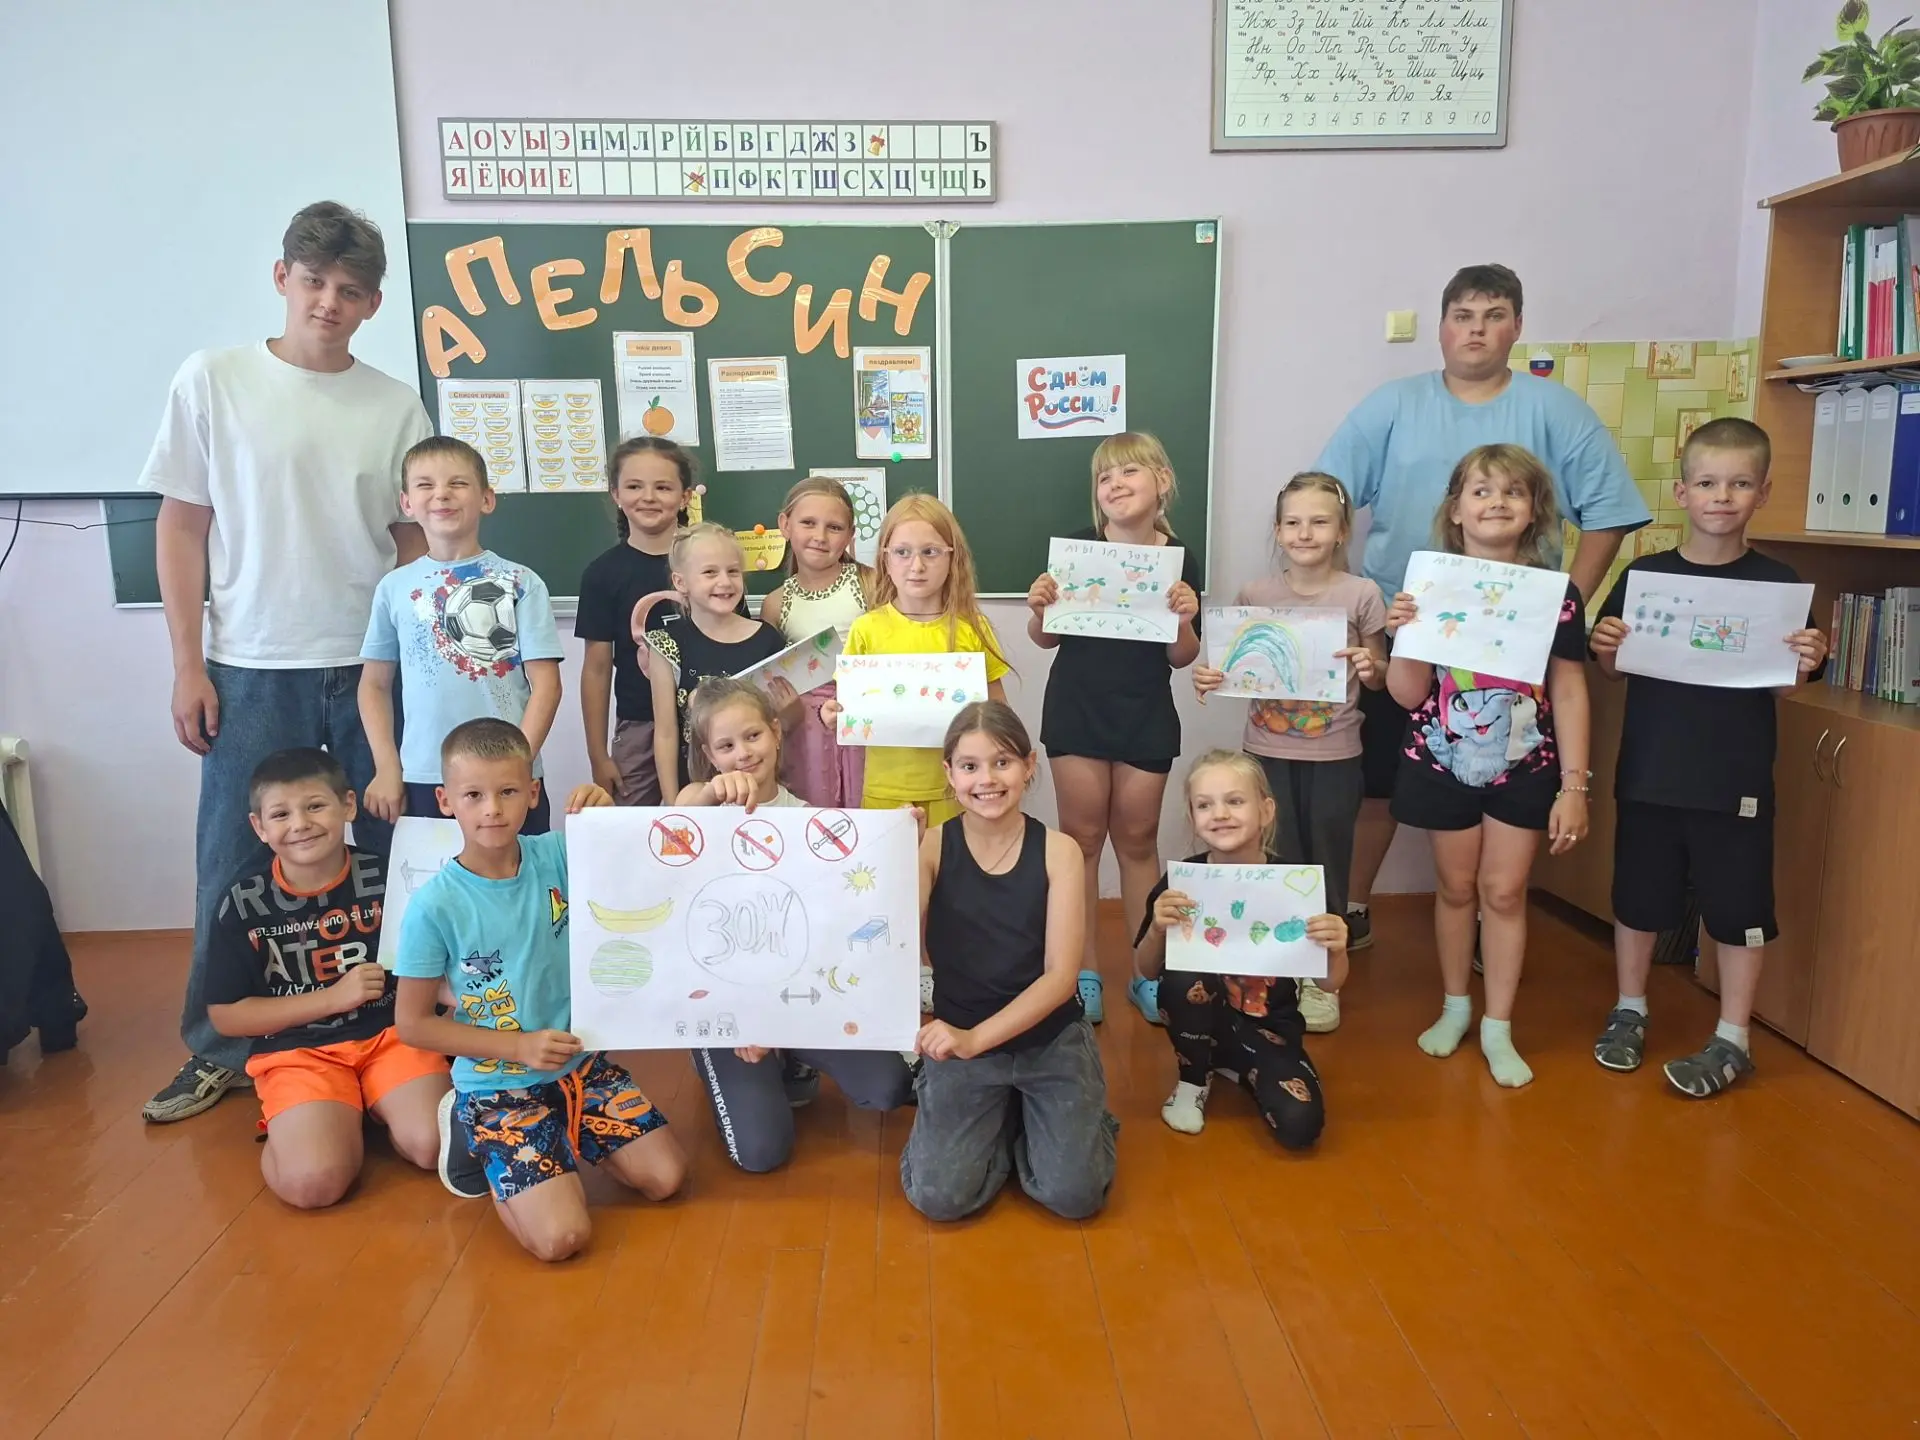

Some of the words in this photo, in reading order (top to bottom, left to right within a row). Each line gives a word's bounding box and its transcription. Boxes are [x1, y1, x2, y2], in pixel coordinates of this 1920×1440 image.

[1237, 114, 1246, 127] 0
[1263, 114, 1270, 127] 1
[1284, 114, 1293, 127] 2
[1308, 112, 1316, 126] 3
[1332, 112, 1340, 126] 4
[1353, 112, 1363, 126] 5
[1378, 112, 1386, 125] 6
[1400, 112, 1410, 125] 7
[1425, 112, 1433, 125] 8
[1450, 112, 1456, 125] 9
[1472, 112, 1491, 125] 10
[422, 227, 931, 377] АПЕЛЬСИН
[699, 890, 795, 966] ЗОЖ
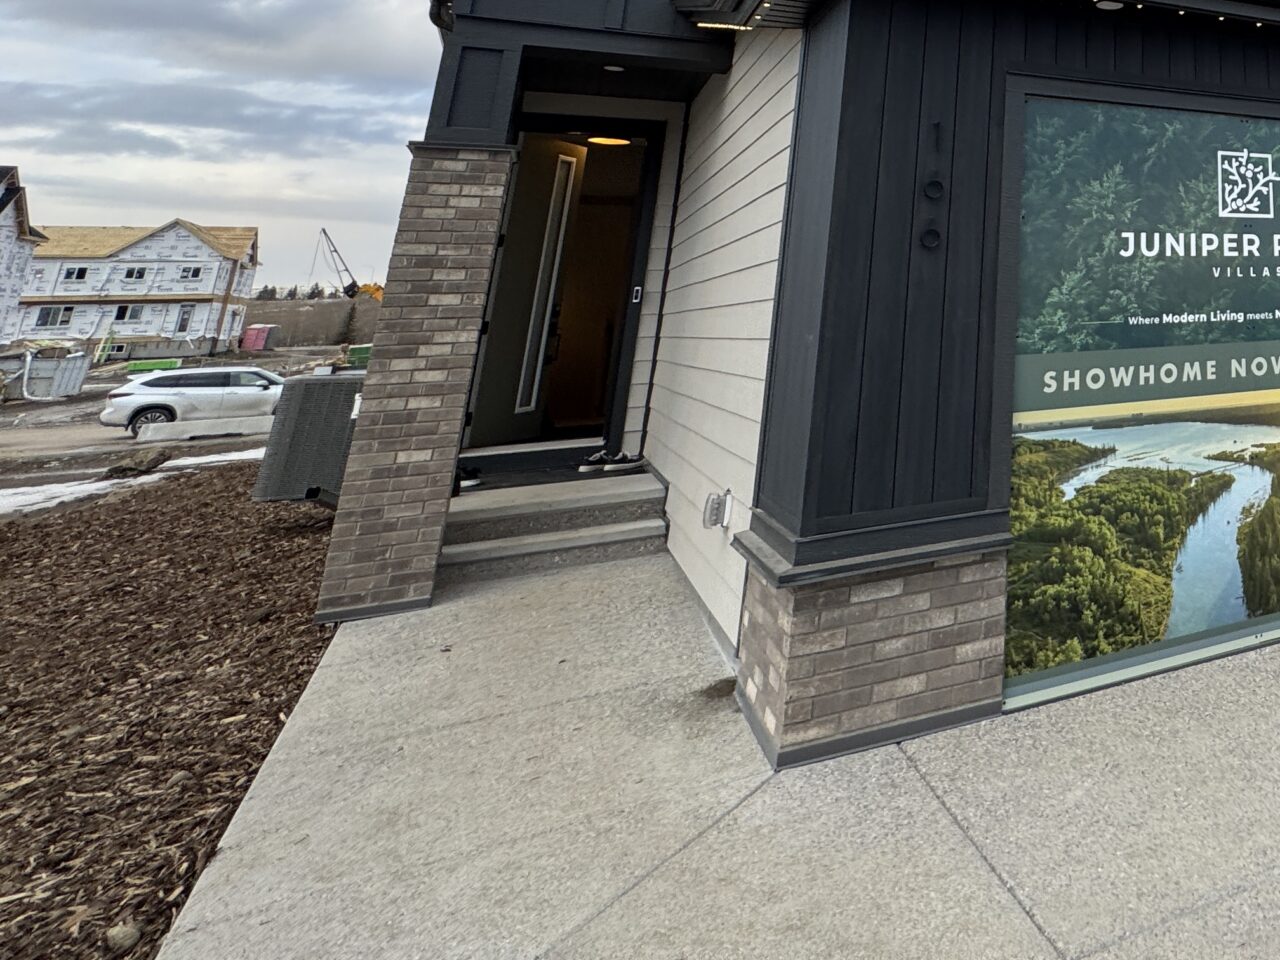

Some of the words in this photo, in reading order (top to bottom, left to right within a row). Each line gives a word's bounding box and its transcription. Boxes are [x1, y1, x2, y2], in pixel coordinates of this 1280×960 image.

[1119, 232, 1260, 257] JUNIPER
[1128, 316, 1160, 325] Where
[1162, 312, 1207, 324] Modern
[1210, 310, 1245, 323] Living
[1246, 312, 1273, 320] meets
[1043, 360, 1217, 393] SHOWHOME
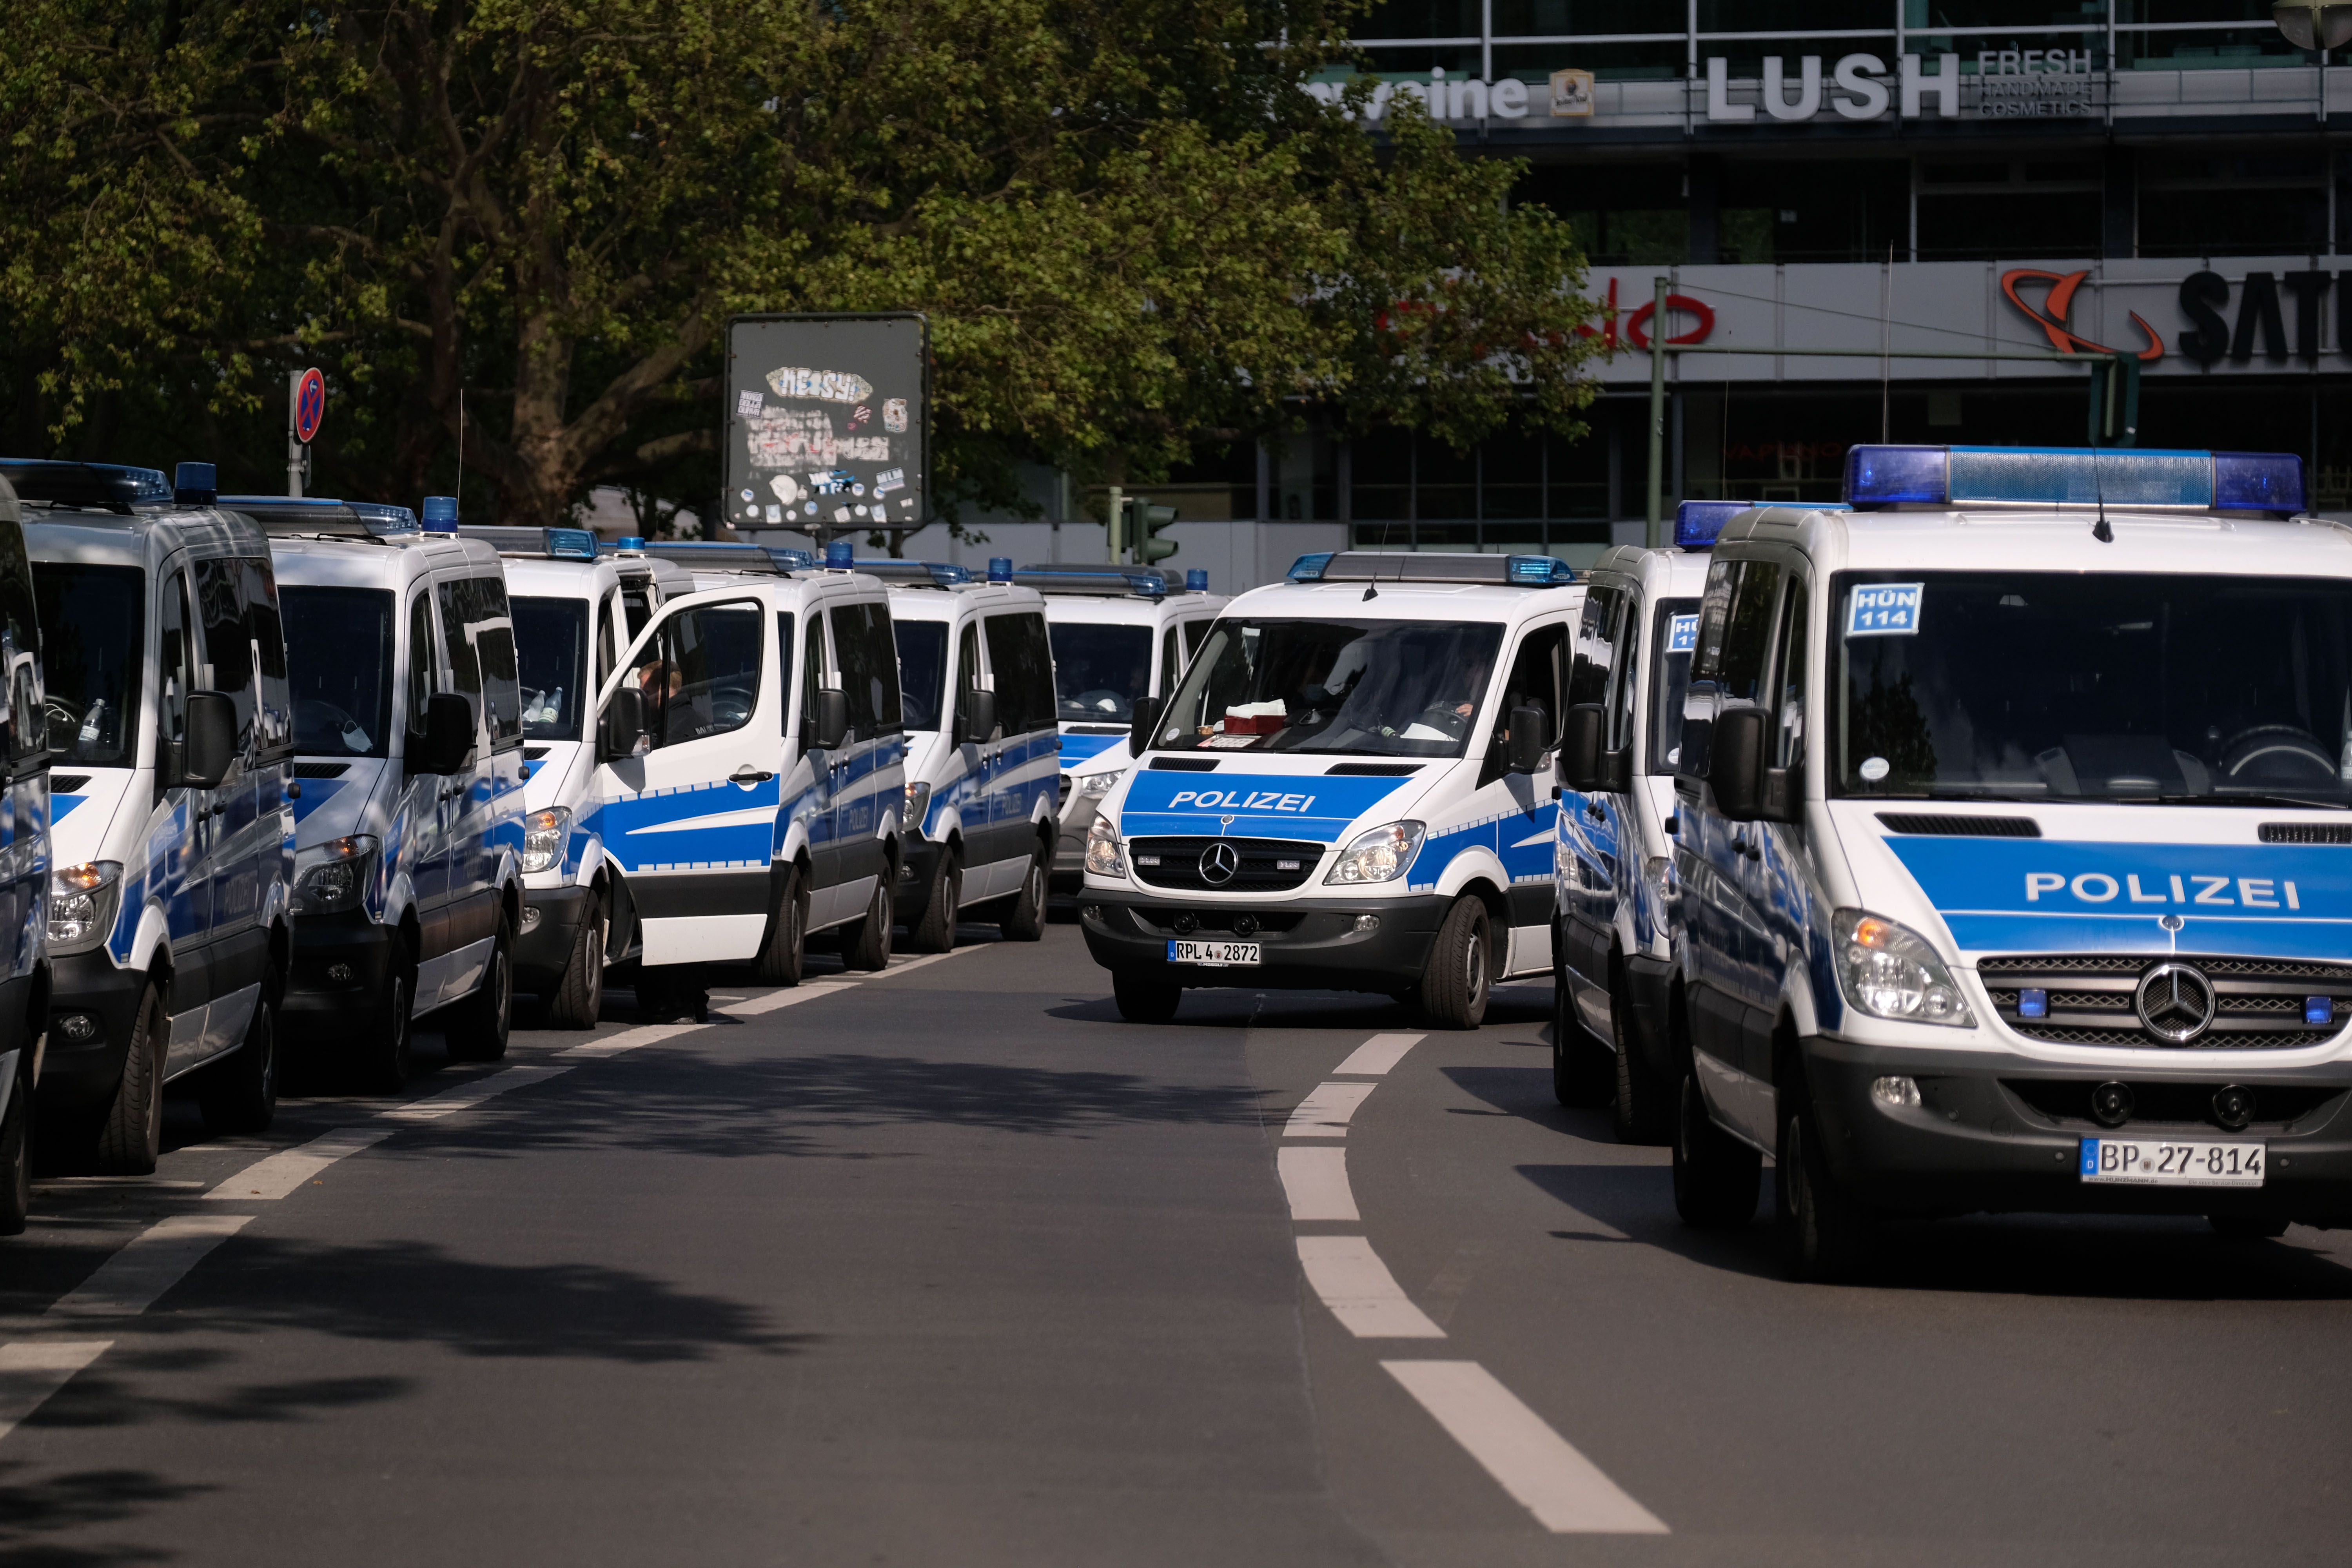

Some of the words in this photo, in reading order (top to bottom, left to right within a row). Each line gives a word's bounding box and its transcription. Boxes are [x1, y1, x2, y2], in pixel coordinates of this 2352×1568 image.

[1978, 49, 2091, 75] FRESH
[1707, 53, 1960, 121] LUSH
[1979, 80, 2092, 96] HANDMADE
[1980, 100, 2092, 117] COSMETICS
[1857, 591, 1916, 608] HÜN
[1860, 611, 1908, 626] 114
[1168, 790, 1316, 813] POLIZEI
[849, 806, 869, 831] POLIZEI
[2025, 872, 2301, 910] POLIZEI
[1176, 943, 1202, 960] RPL
[1206, 944, 1213, 960] 4
[1224, 945, 1258, 961] 2872
[2087, 1160, 2094, 1169] D
[2101, 1143, 2140, 1172] BP
[2158, 1143, 2262, 1175] 27-814

## EXERCISE OBJECTIVE:
Strip the images and return the remaining data exactly.

## EXPECTED OUTPUT:
Some of the words in this photo, in reading order (top to bottom, left to right within a row). Each line gives a word's bounding box and its transcription. Boxes are [x1, y1, x2, y2], in pixel coordinates of this 1920×1440 image.

[1237, 114, 1246, 127] 0
[1263, 114, 1270, 127] 1
[1284, 114, 1293, 127] 2
[1308, 112, 1316, 126] 3
[1332, 112, 1340, 126] 4
[1353, 112, 1363, 126] 5
[1378, 112, 1386, 125] 6
[1400, 112, 1410, 125] 7
[1425, 112, 1433, 125] 8
[1450, 112, 1456, 125] 9
[1472, 112, 1491, 125] 10
[422, 227, 931, 377] АПЕЛЬСИН
[699, 890, 795, 966] ЗОЖ

Some of the words in this photo, in reading order (top to bottom, left to right within a row). Each line gives a word's bounding box and its transcription. Boxes are [x1, y1, x2, y2], in pixel coordinates of this 1280×960 image.

[1119, 232, 1260, 257] JUNIPER
[1128, 316, 1160, 325] Where
[1162, 312, 1207, 324] Modern
[1210, 310, 1245, 323] Living
[1246, 312, 1273, 320] meets
[1043, 360, 1217, 393] SHOWHOME

Some of the words in this photo, in reading order (top to bottom, left to right within a row). Each line gives a word's bounding box and its transcription. Boxes are [x1, y1, x2, y2], in pixel coordinates of this 2352×1568 image.

[1978, 49, 2091, 75] FRESH
[1707, 53, 1960, 121] LUSH
[1979, 80, 2092, 96] HANDMADE
[1980, 100, 2092, 117] COSMETICS
[1857, 591, 1916, 608] HÜN
[1860, 611, 1908, 626] 114
[1168, 790, 1316, 813] POLIZEI
[849, 806, 869, 831] POLIZEI
[2025, 872, 2301, 910] POLIZEI
[1176, 943, 1202, 960] RPL
[1206, 944, 1213, 960] 4
[1224, 945, 1258, 961] 2872
[2087, 1160, 2094, 1169] D
[2101, 1143, 2140, 1172] BP
[2158, 1143, 2262, 1175] 27-814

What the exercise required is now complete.